(Collected data)
»»
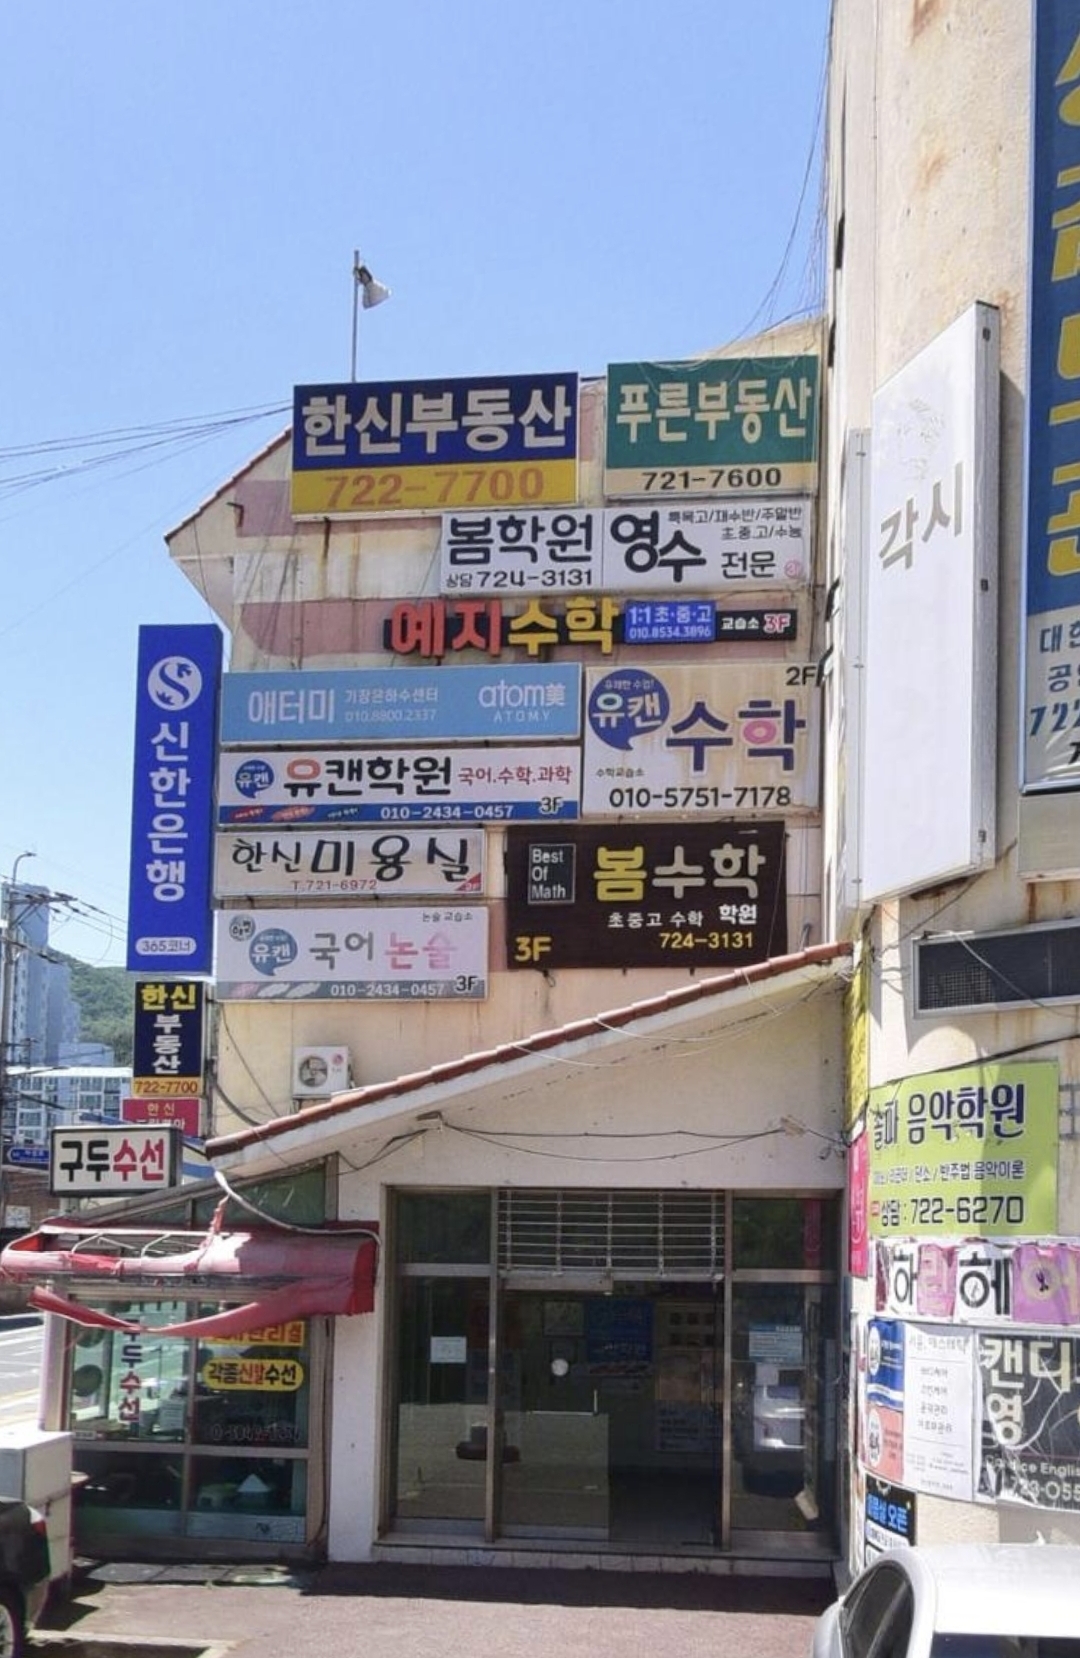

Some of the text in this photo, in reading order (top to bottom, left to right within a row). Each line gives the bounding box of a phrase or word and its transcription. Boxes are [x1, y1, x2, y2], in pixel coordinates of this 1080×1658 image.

[302, 383, 571, 458] 한신부동산
[616, 377, 812, 444] 푸른부동산
[325, 468, 544, 507] 722-7700
[642, 467, 782, 491] 721-7600
[879, 461, 964, 570] 각시
[447, 512, 593, 565] 봄학원
[610, 510, 707, 583] 영수
[721, 551, 776, 579] 전문
[446, 568, 593, 589] 상담 724-3131
[391, 598, 618, 657] 예지수학
[628, 606, 651, 625] 1:1
[721, 613, 792, 634] 교습소 3F
[786, 666, 817, 686] 2F
[249, 688, 335, 725] 애터미
[493, 710, 550, 723] ATOMY
[591, 692, 663, 729] 유캔
[665, 699, 806, 772] 수학
[283, 756, 451, 799] 유캔학원
[458, 765, 573, 786] 국어.수학.과학
[538, 797, 563, 815] 3F
[609, 785, 792, 808] 010-5751-7178
[146, 720, 192, 902] 신한은행
[380, 805, 514, 821] 010-2434-0457
[531, 849, 565, 864] Best
[531, 866, 549, 882] Of
[593, 843, 766, 901] 봄수학
[293, 879, 379, 891] T.721-6972
[531, 883, 566, 899] Math
[669, 911, 704, 927] 수학
[718, 904, 758, 925] 학원
[141, 940, 192, 954] 365코너
[309, 929, 458, 971] 국어 논술
[514, 936, 552, 961] 3F
[659, 931, 754, 949] 724-3131
[251, 943, 292, 963] 유캔
[330, 984, 444, 997] 010-2434-0457
[454, 975, 478, 992] 3F
[141, 984, 197, 1012] 한신
[153, 1013, 183, 1075] 부동산
[134, 1080, 198, 1094] 722-7700
[907, 1083, 1026, 1145] 음악학원
[60, 1138, 165, 1182] 구두수선
[910, 1195, 1025, 1225] 722-6270
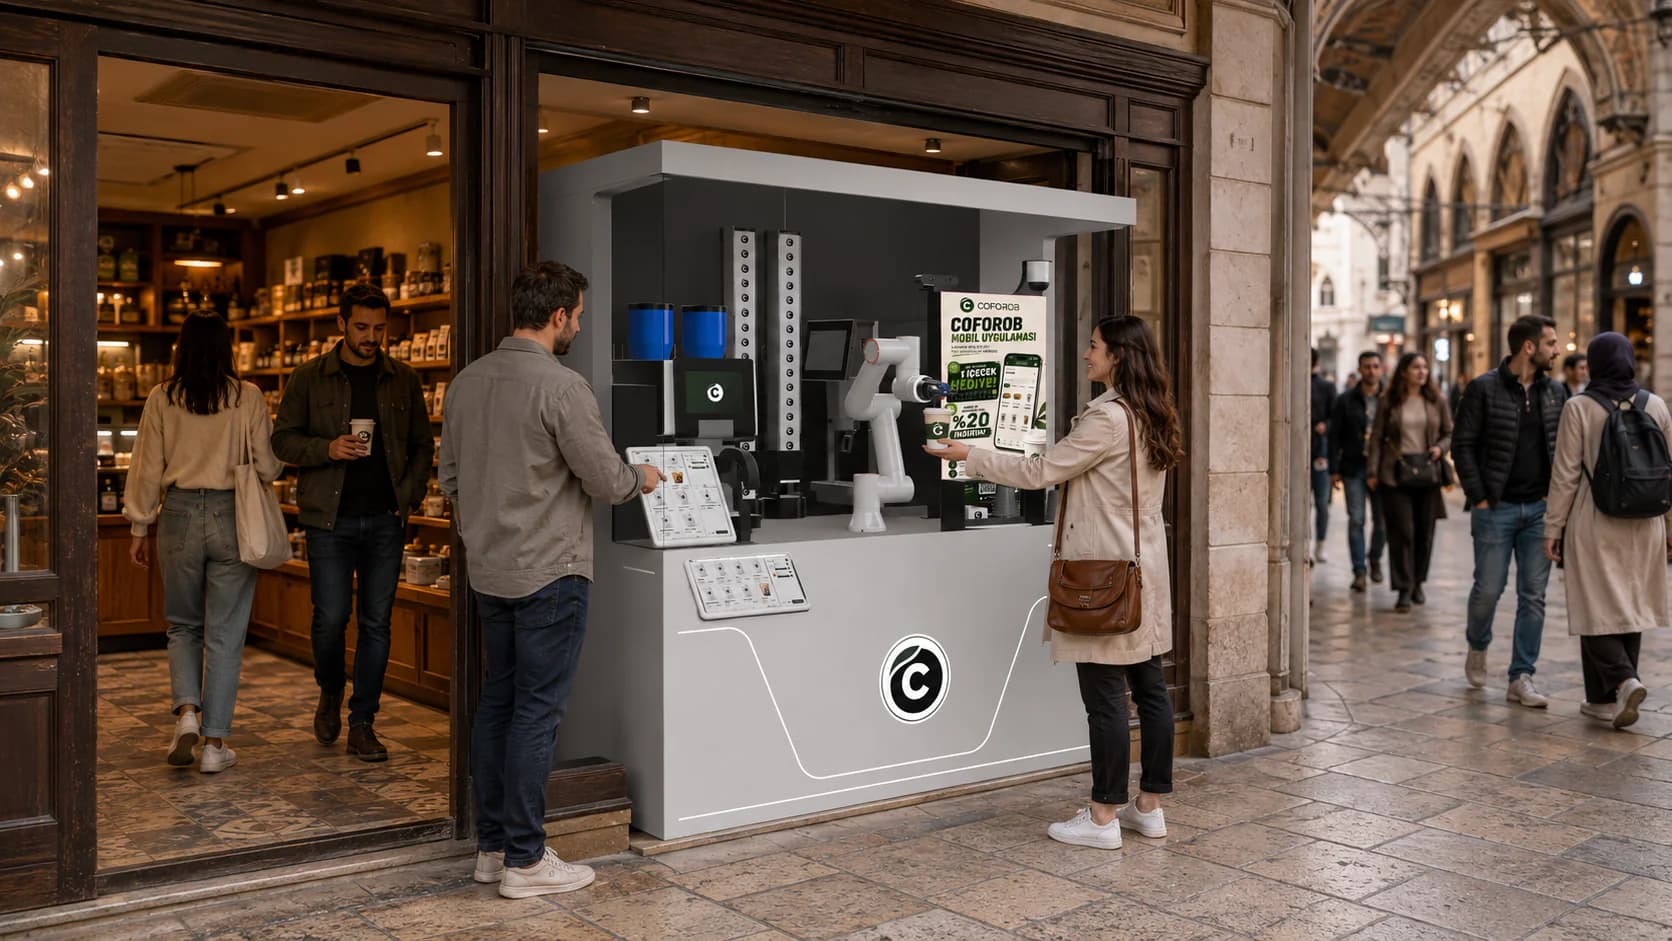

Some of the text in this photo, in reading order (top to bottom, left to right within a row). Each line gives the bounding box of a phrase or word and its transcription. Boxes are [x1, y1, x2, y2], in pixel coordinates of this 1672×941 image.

[951, 316, 1023, 332] COFOROB
[952, 333, 980, 342] MOBIL
[952, 412, 990, 429] %20
[902, 662, 930, 700] C
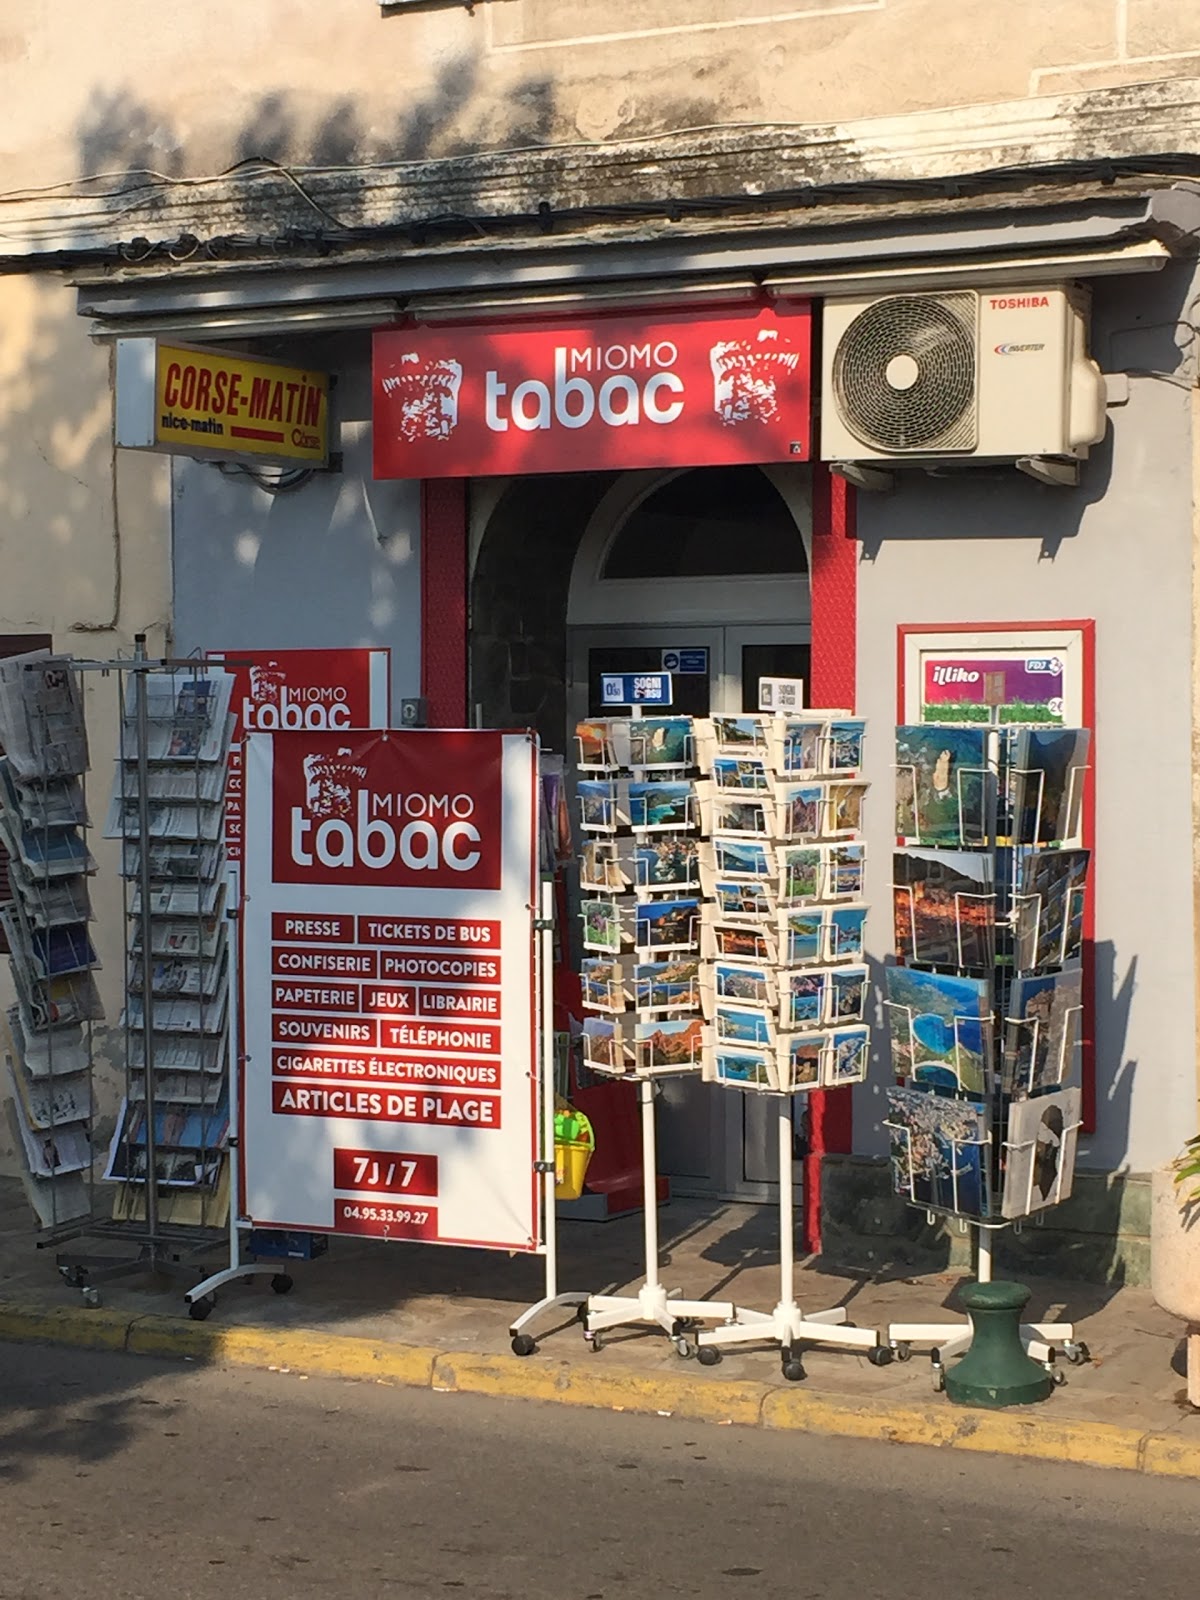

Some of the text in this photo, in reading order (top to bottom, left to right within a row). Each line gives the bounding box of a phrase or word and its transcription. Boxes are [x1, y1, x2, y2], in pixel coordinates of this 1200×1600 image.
««
### TASK OBJECTIVE
Apart from the images, please copy every line of the data exactly as written.

### SOLVED EXERCISE
Some of the text in this photo, in reading order (top to bottom, left to right within a row). Each line gives the bounding box of a phrase or word and its transcription. Boxes are [x1, y1, x2, y2], in pixel coordinates of this 1080×1658 image.

[302, 383, 571, 458] 한신부동산
[616, 377, 812, 444] 푸른부동산
[325, 468, 544, 507] 722-7700
[642, 467, 782, 491] 721-7600
[879, 461, 964, 570] 각시
[447, 512, 593, 565] 봄학원
[610, 510, 707, 583] 영수
[721, 551, 776, 579] 전문
[446, 568, 593, 589] 상담 724-3131
[391, 598, 618, 657] 예지수학
[628, 606, 651, 625] 1:1
[721, 613, 792, 634] 교습소 3F
[786, 666, 817, 686] 2F
[249, 688, 335, 725] 애터미
[493, 710, 550, 723] ATOMY
[591, 692, 663, 729] 유캔
[665, 699, 806, 772] 수학
[283, 756, 451, 799] 유캔학원
[458, 765, 573, 786] 국어.수학.과학
[538, 797, 563, 815] 3F
[609, 785, 792, 808] 010-5751-7178
[146, 720, 192, 902] 신한은행
[380, 805, 514, 821] 010-2434-0457
[531, 849, 565, 864] Best
[531, 866, 549, 882] Of
[593, 843, 766, 901] 봄수학
[293, 879, 379, 891] T.721-6972
[531, 883, 566, 899] Math
[669, 911, 704, 927] 수학
[718, 904, 758, 925] 학원
[141, 940, 192, 954] 365코너
[309, 929, 458, 971] 국어 논술
[514, 936, 552, 961] 3F
[659, 931, 754, 949] 724-3131
[251, 943, 292, 963] 유캔
[330, 984, 444, 997] 010-2434-0457
[454, 975, 478, 992] 3F
[141, 984, 197, 1012] 한신
[153, 1013, 183, 1075] 부동산
[134, 1080, 198, 1094] 722-7700
[907, 1083, 1026, 1145] 음악학원
[60, 1138, 165, 1182] 구두수선
[910, 1195, 1025, 1225] 722-6270

Some of the text in this photo, in reading order (top to bottom, left to right within a row). Each line gives the bounding box of a phrase or word and its transcription. Boxes are [x1, y1, x2, y2], in pixel coordinates of this 1672×941 image.

[951, 316, 1023, 332] COFOROB
[952, 333, 980, 342] MOBIL
[952, 412, 990, 429] %20
[902, 662, 930, 700] C

Some of the text in this photo, in reading order (top to bottom, left to right within a row). Each line gives the bounding box of a phrase or word and its transcription. Boxes are [x1, y1, x2, y2], in pixel coordinates of this 1200×1600 image.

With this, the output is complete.